Another area of interest these days is cloud computing, especially given Microsoft’s demonstration of its capabilities with Crackdown 3. Several other areas of gaming like PlayStation Now and Frontier’s Elite Dangerous use cloud computing in their own right. However, how will this help fuel graphics and newer scenarios in the coming years? Will there be more reliance on the cloud and less on the actual hardware of the console?
“I’m entirely convinced that some of the routes we are investing money in right now will prove to be financially and environmentally unable to scale. However, the cloud is here to stay and we will fail many times before we find ways to exploit it in the long run,” Don Williamson, founder of Celtoys said to GamingBolt.
“If we break the typical game engine pipeline into pieces there are many parts that offer unique opportunities for distribution. Imagine the creation of this new cloud infrastructure how you would the evolution of 3D engines written in software, to their modern-day GPU accelerated counterparts: we’re trying to create a big GPU in the sky.”
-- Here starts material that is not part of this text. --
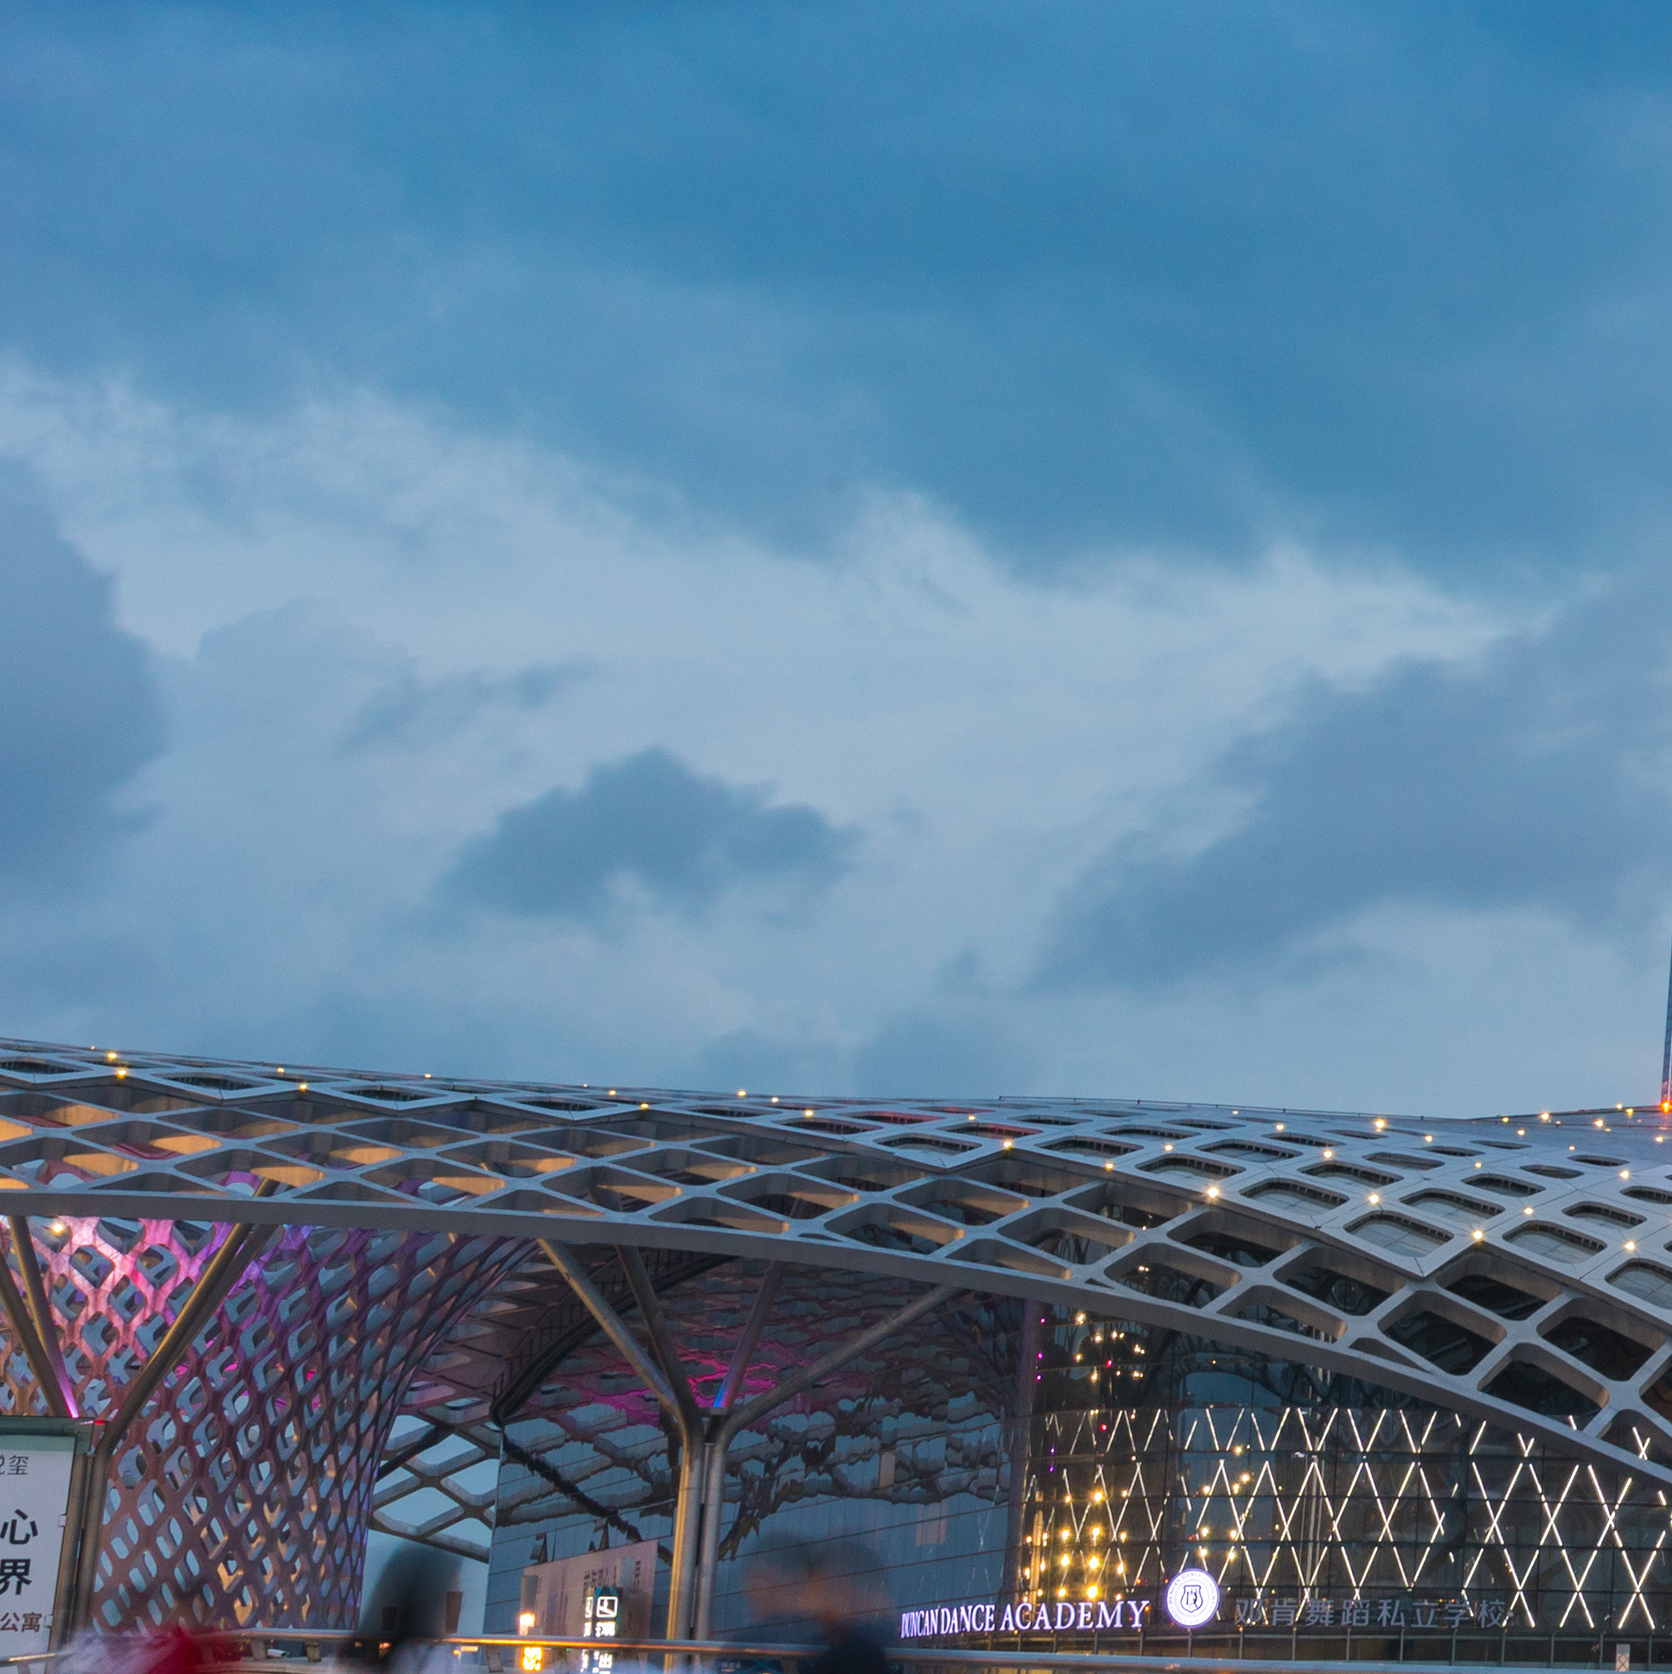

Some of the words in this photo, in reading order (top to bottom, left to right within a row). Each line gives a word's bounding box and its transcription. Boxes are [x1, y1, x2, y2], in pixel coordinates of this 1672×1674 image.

He then talks about the benefits of cloud gaming and how complex graphical parameters such as global illumination and geometry patterns can be rendered on remotely located machines, whilst being shared by many players.
“Even if players aren’t part of the same session, they’ll be exploring the same worlds. Work such as global illumination, visibility, spatial reasoning and complex geometry optimisation can be factored into their low frequency contributors, clustered, computed and cached on machines thousands of miles away, to be shared between many players. Whatever client hardware is used to retrieve this data will augment that in ways that don’t make sense to distribute.”
Don also suggests that the cloud can also be used to write down the entire game engine on whatever platform you want to play the game on.
“Of course the other element to cloud rendering is the ability to write an engine once for the target platform that can be distributed live to many varying devices on your wrist, in your pocket or on a screen in your lounge. We already have examples of this working really well on your local network (e.g. the Wii-U) but I think there’s a long way to go before the issues of latency and cost are solved.”